(Dataset excerpts)
+++

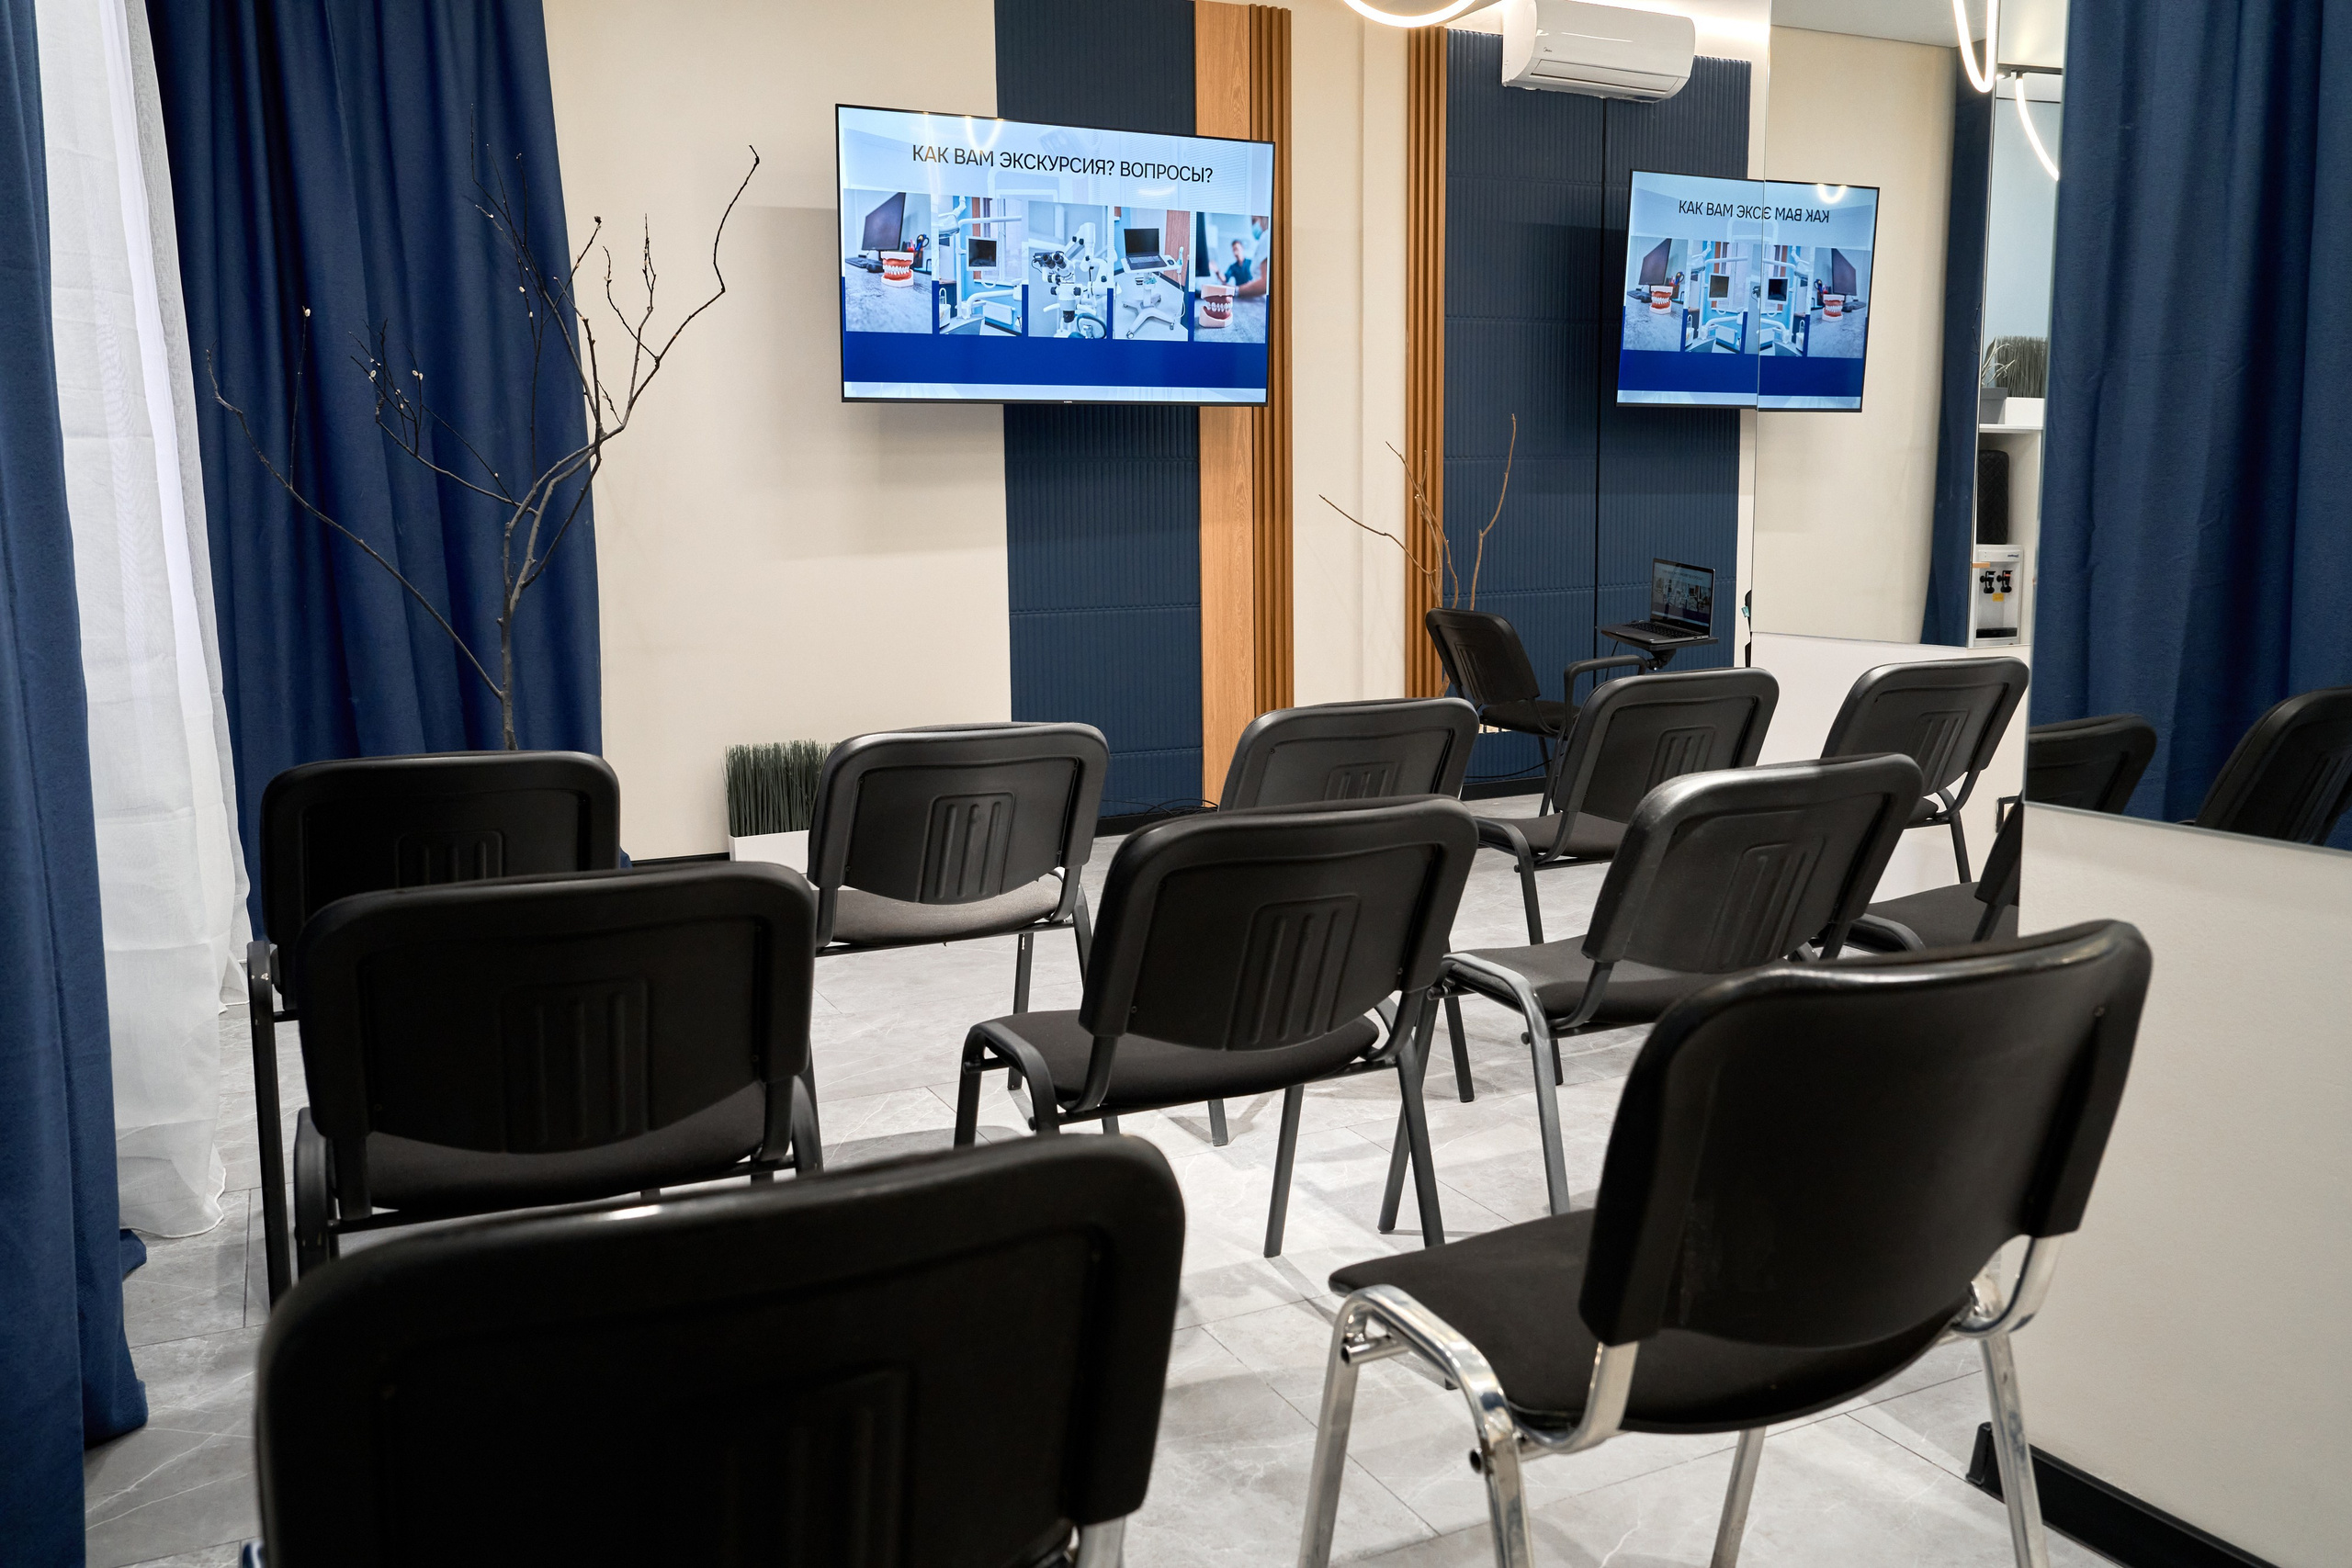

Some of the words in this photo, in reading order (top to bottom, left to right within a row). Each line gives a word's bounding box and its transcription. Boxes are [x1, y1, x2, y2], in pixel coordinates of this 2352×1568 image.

[912, 144, 949, 164] КАК
[954, 148, 994, 166] ВАМ
[1000, 152, 1114, 176] ЭКСКУРСИЯ?
[1120, 161, 1214, 183] ВОПРОСЫ?
[1679, 199, 1703, 215] КАК
[1706, 202, 1733, 218] ВАМ
[1736, 205, 1763, 220] ЭКС
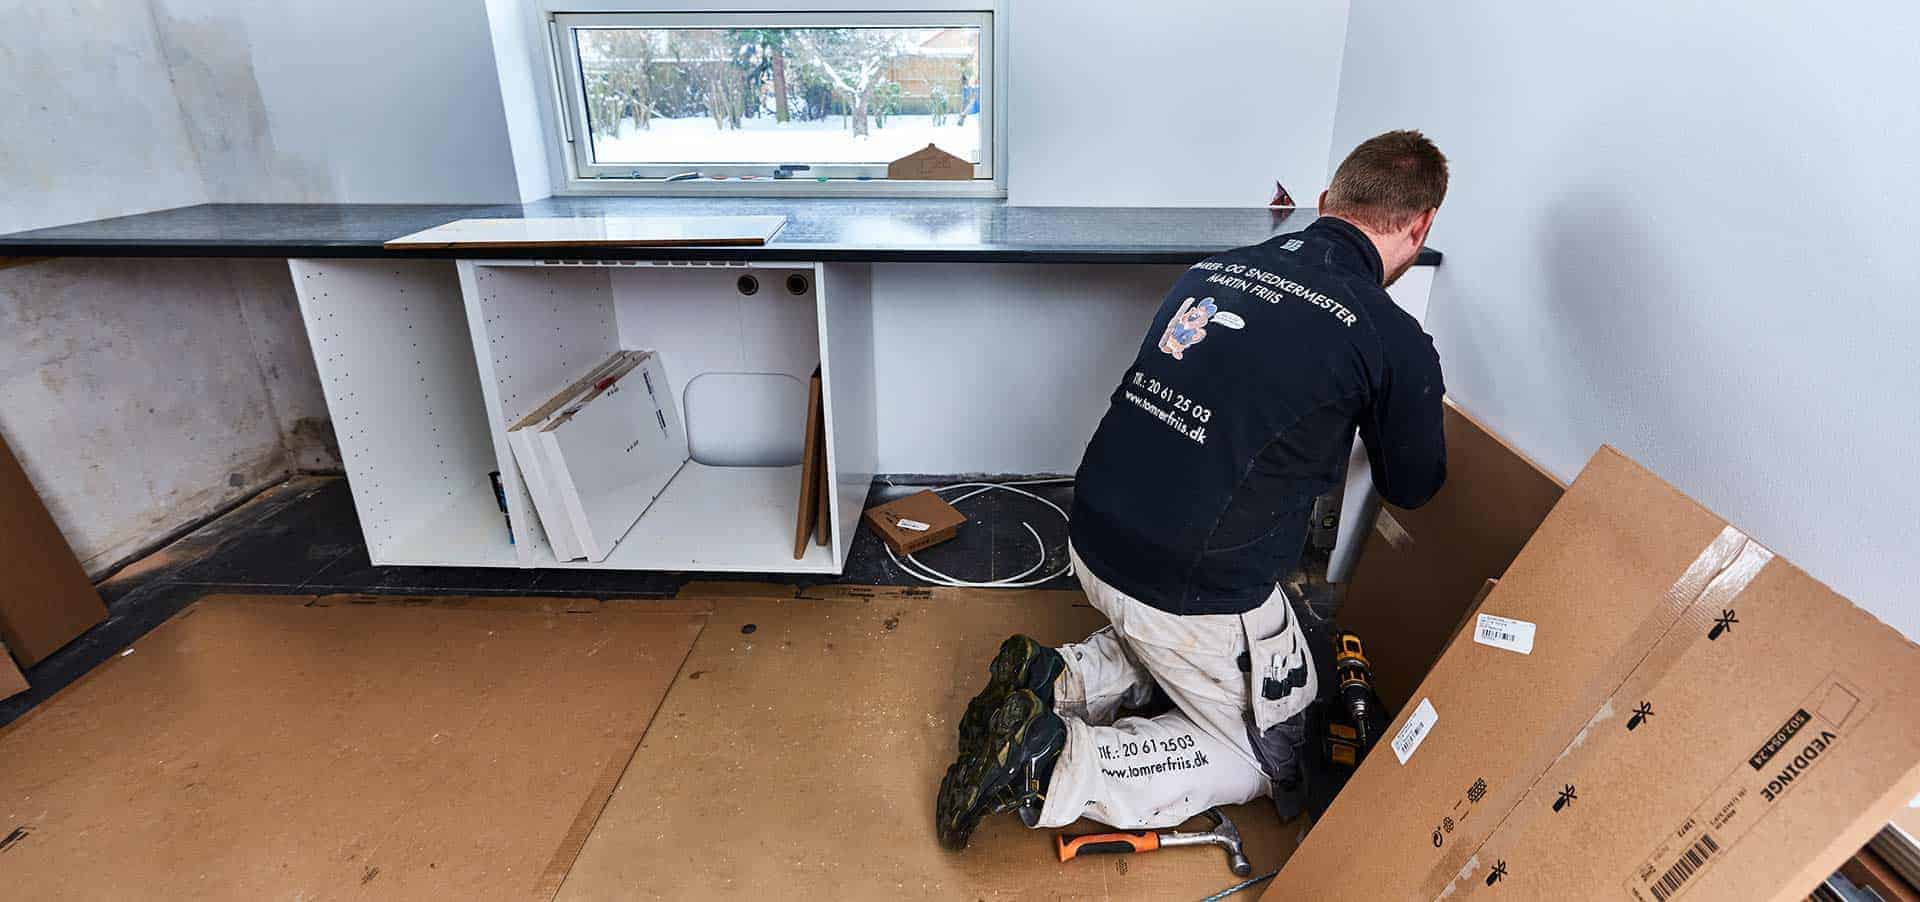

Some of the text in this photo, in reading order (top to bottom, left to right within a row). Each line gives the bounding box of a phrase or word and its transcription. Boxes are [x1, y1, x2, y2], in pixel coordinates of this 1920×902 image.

+++

TASK ITEM:
Pictures stay out; reproduce every line of the records exactly.

SOLUTION TO THIS EXERCISE:
Some of the words in this photo, in reading order (top to bottom, left to right within a row). Each line gives a word's bounding box and its transcription. Boxes are [x1, y1, x2, y2], in pixel coordinates of this 2352×1568 image.

[912, 144, 949, 164] КАК
[954, 148, 994, 166] ВАМ
[1000, 152, 1114, 176] ЭКСКУРСИЯ?
[1120, 161, 1214, 183] ВОПРОСЫ?
[1679, 199, 1703, 215] КАК
[1706, 202, 1733, 218] ВАМ
[1736, 205, 1763, 220] ЭКС

Some of the text in this photo, in reading order (top to bottom, left to right within a row). Each line gives the bounding box of a phrase or word and its transcription. Boxes are [x1, y1, x2, y2], in pixel coordinates of this 1920×902 image.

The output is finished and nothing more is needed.